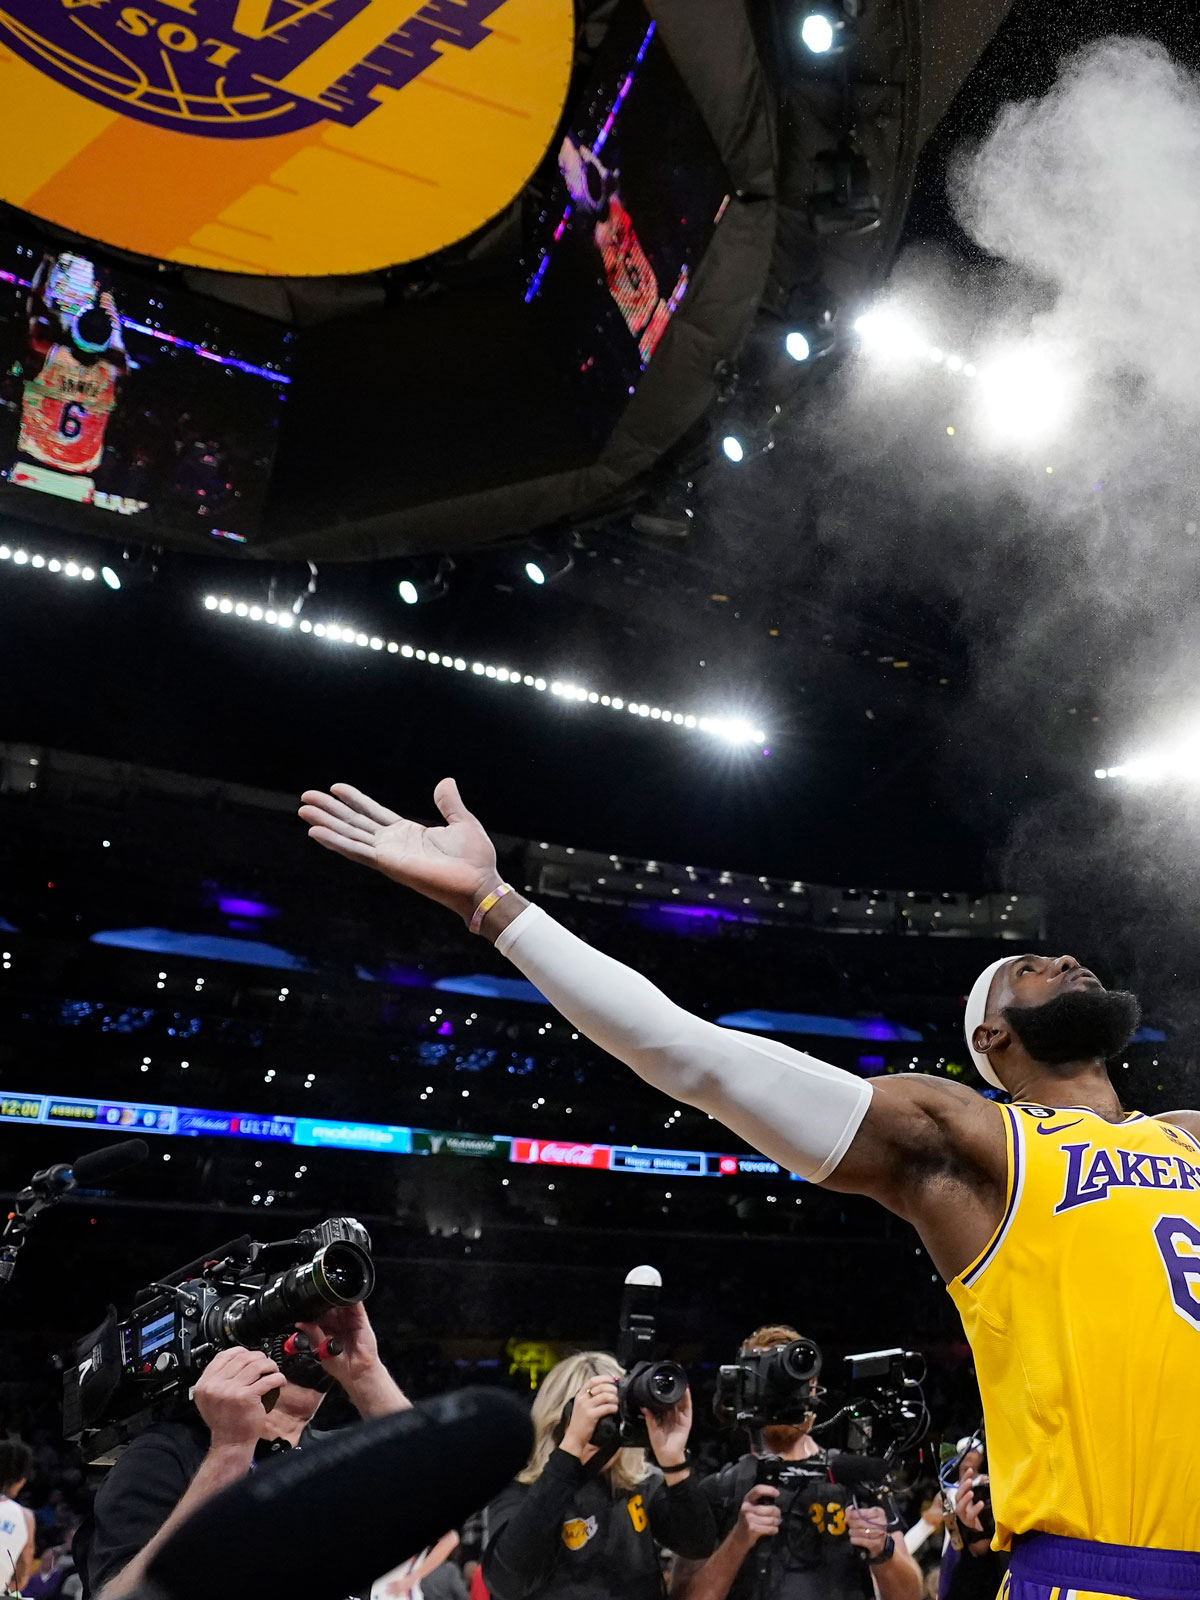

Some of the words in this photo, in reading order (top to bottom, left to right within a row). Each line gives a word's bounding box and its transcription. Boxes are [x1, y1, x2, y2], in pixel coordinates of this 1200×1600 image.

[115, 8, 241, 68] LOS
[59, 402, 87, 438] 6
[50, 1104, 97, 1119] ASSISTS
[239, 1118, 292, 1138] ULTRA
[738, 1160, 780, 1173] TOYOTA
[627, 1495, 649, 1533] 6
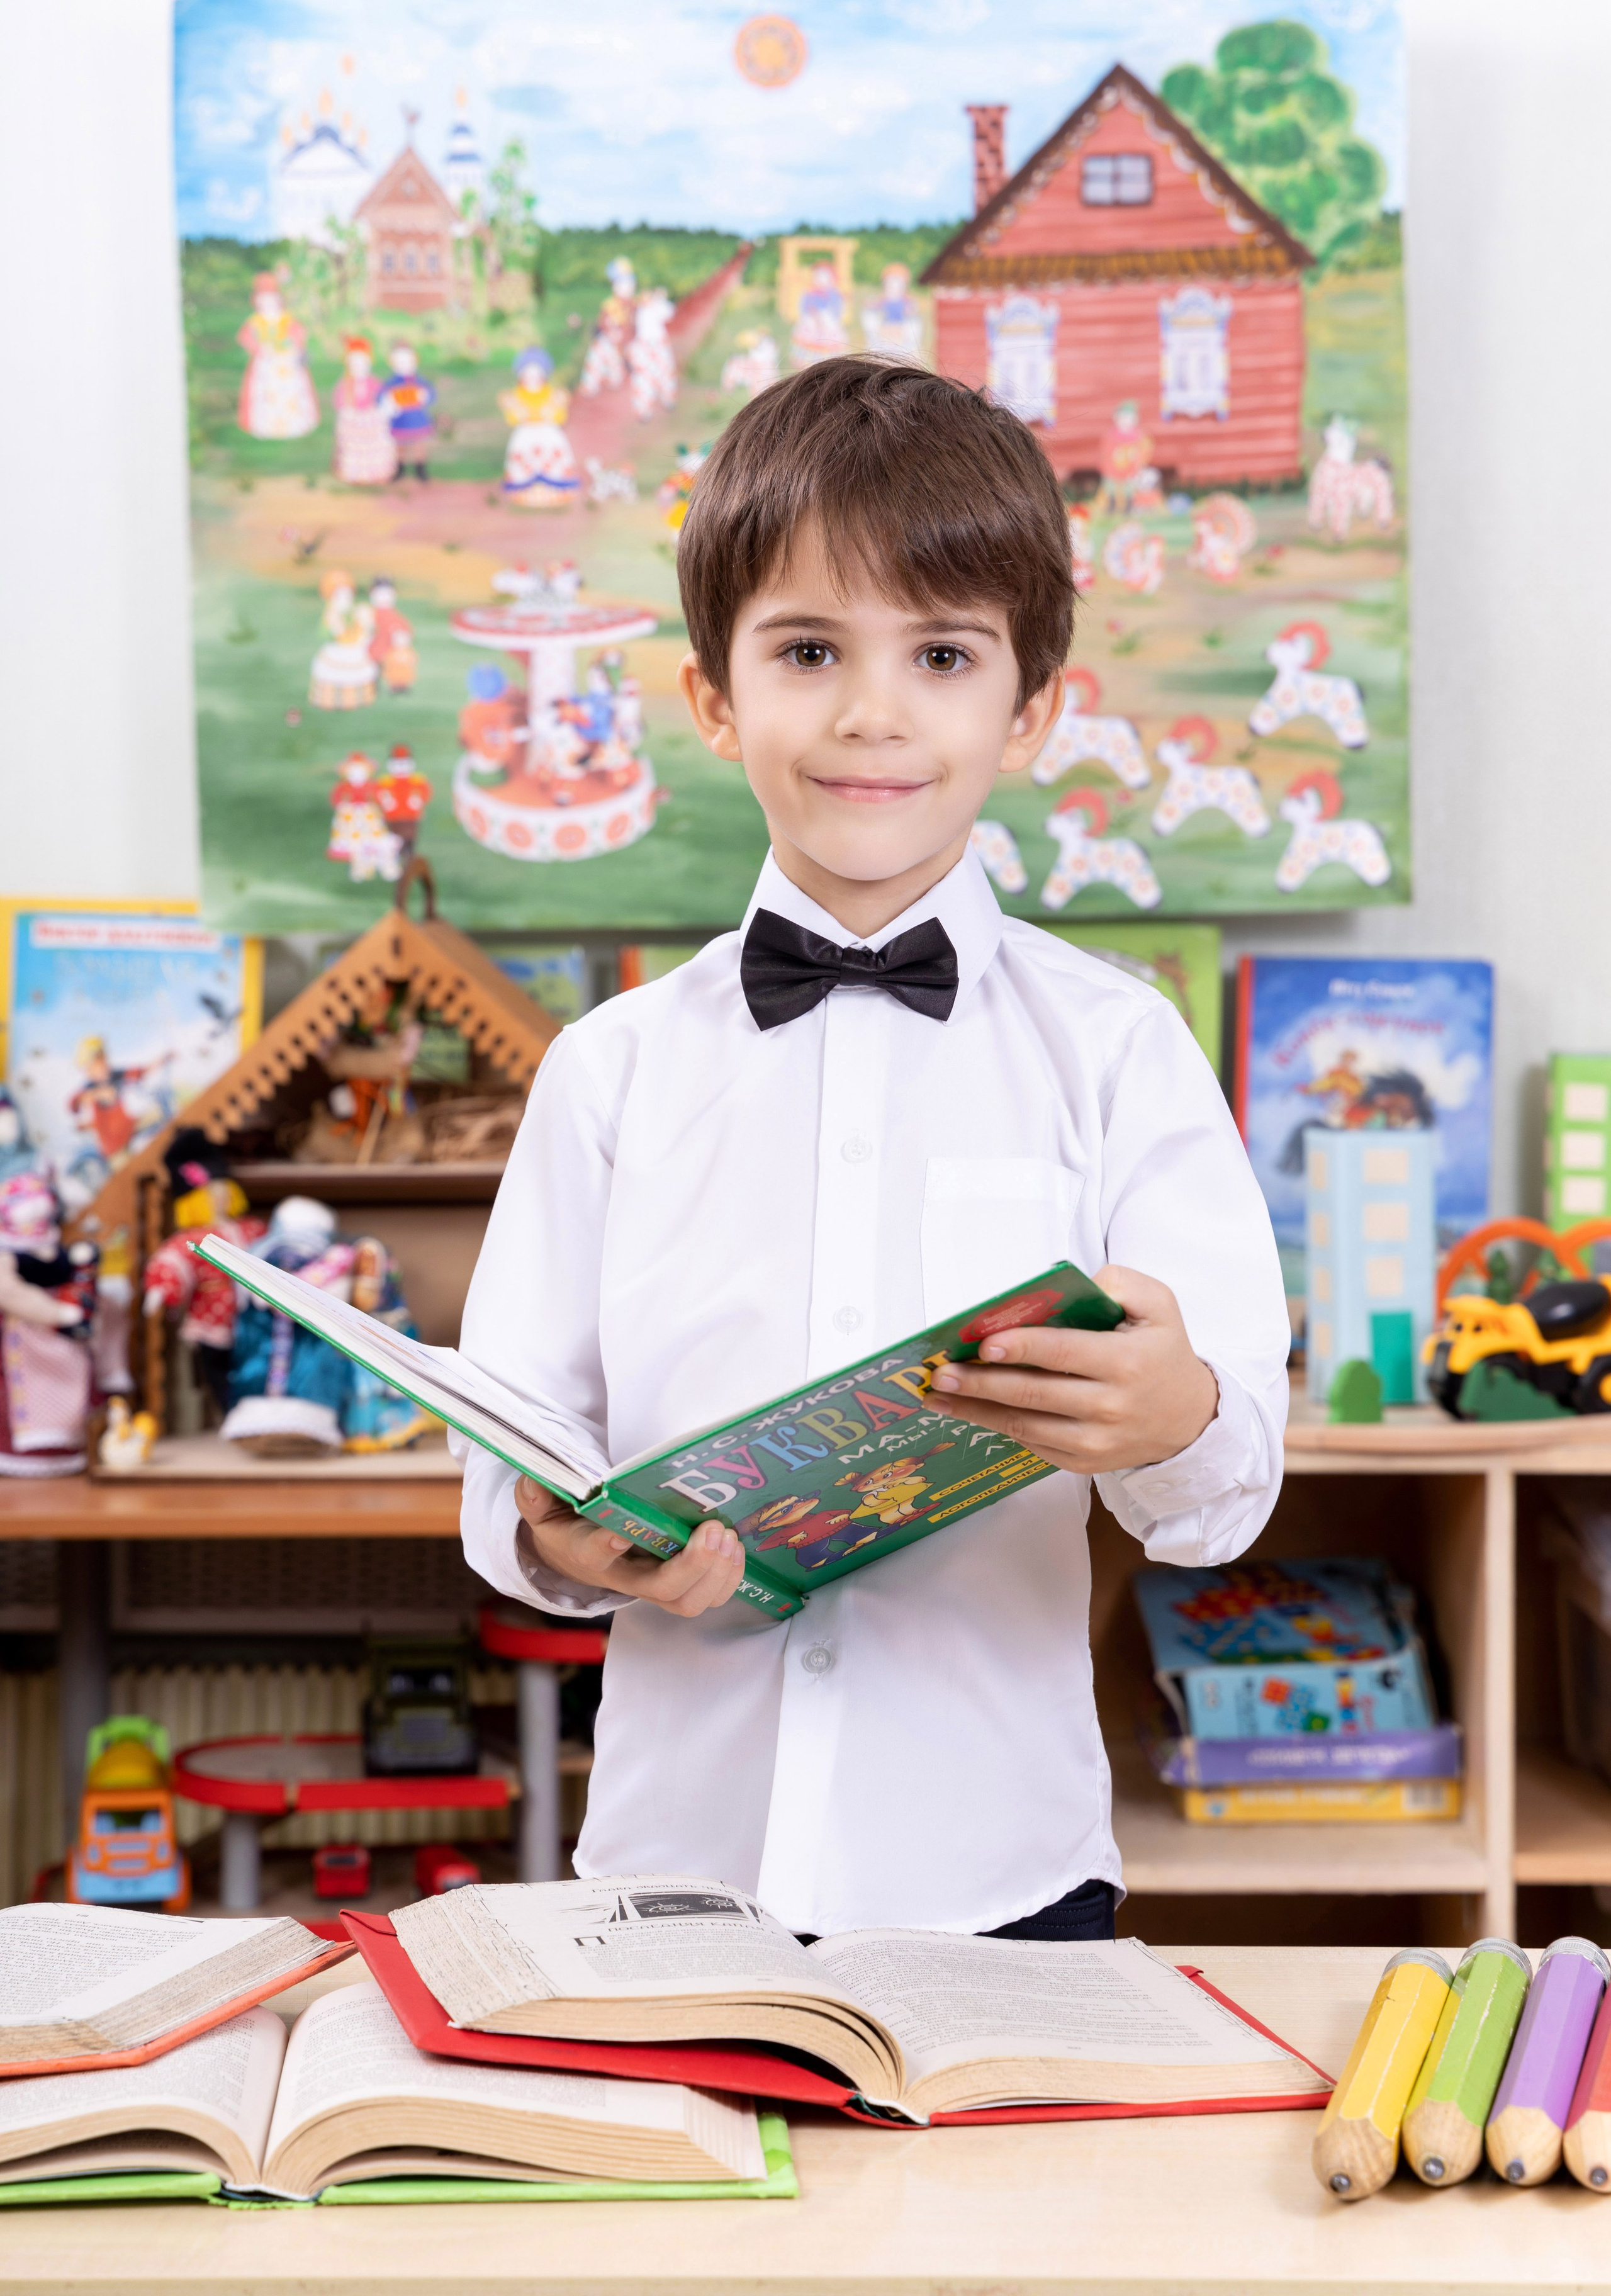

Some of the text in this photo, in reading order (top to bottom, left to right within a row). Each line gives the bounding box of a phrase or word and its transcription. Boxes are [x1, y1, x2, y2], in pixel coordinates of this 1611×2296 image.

Try it: A verbatim transcript of the material above, with images dropped, is the expected output.

Answer for this exercise:
Some of the words in this photo, in reading order (top to bottom, left to right within a row). Each line gives a word's bounding box and its transcription. Boxes are [x1, y1, x2, y2], in pixel coordinates of this 1200×1600 image.

[115, 8, 241, 68] LOS
[59, 402, 87, 438] 6
[50, 1104, 97, 1119] ASSISTS
[239, 1118, 292, 1138] ULTRA
[738, 1160, 780, 1173] TOYOTA
[627, 1495, 649, 1533] 6

Some of the text in this photo, in reading order (top to bottom, left to right within a row). Each line gives the bounding box of a phrase or word and its transcription. Boxes are [x1, y1, x2, y2], in pixel coordinates of this 1611×2296 image.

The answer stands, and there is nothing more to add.